Work order
Repeat the records below exactly as they appear, leaving out any pictures.
--- START ---
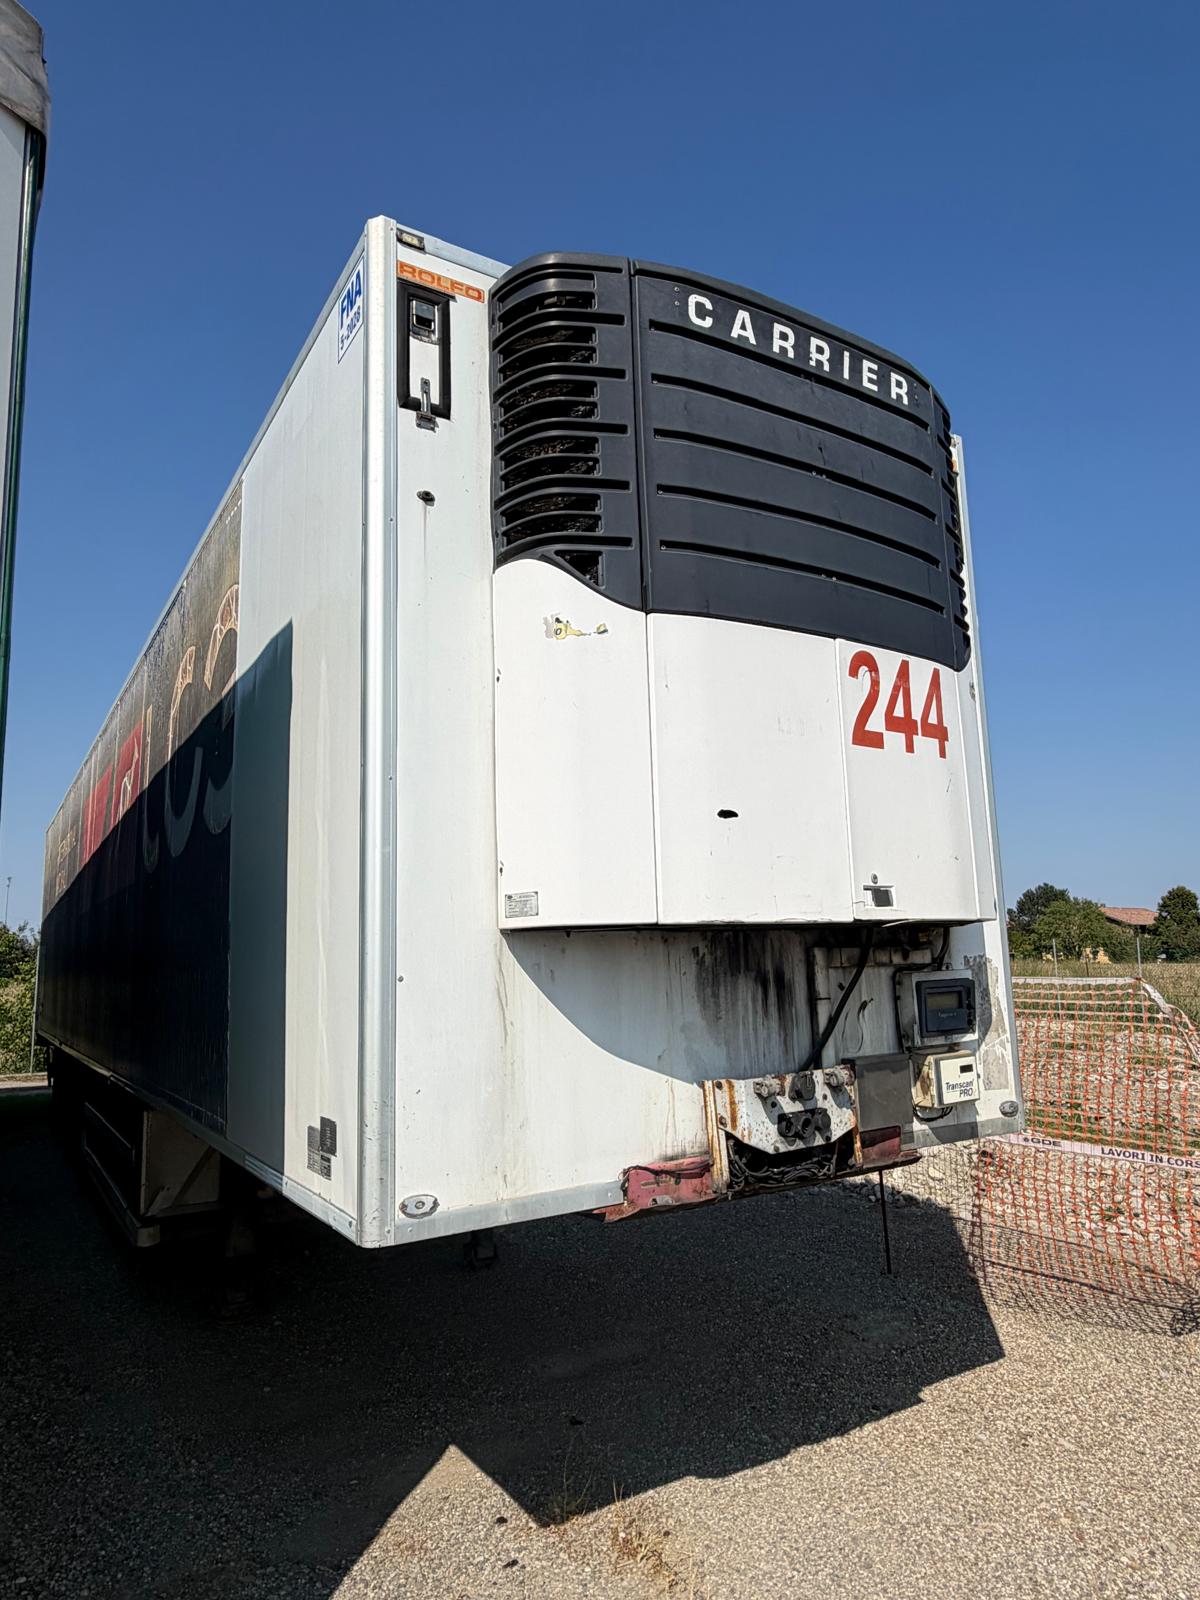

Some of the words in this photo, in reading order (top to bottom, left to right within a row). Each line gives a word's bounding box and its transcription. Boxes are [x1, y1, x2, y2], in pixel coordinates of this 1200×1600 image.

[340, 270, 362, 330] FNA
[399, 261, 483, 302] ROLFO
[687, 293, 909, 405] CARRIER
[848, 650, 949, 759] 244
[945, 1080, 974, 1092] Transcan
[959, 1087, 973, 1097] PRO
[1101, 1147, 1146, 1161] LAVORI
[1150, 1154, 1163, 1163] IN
--- END ---
Answer section
Some of the words in this photo, in reading order (top to bottom, left to right within a row). Each line gives a word's bounding box and its transcription. Boxes are [x1, y1, x2, y2], in pixel coordinates of this 1200×1600 image.

[340, 270, 362, 330] FNA
[399, 261, 483, 302] ROLFO
[687, 293, 909, 405] CARRIER
[848, 650, 949, 759] 244
[945, 1080, 974, 1092] Transcan
[959, 1087, 973, 1097] PRO
[1101, 1147, 1146, 1161] LAVORI
[1150, 1154, 1163, 1163] IN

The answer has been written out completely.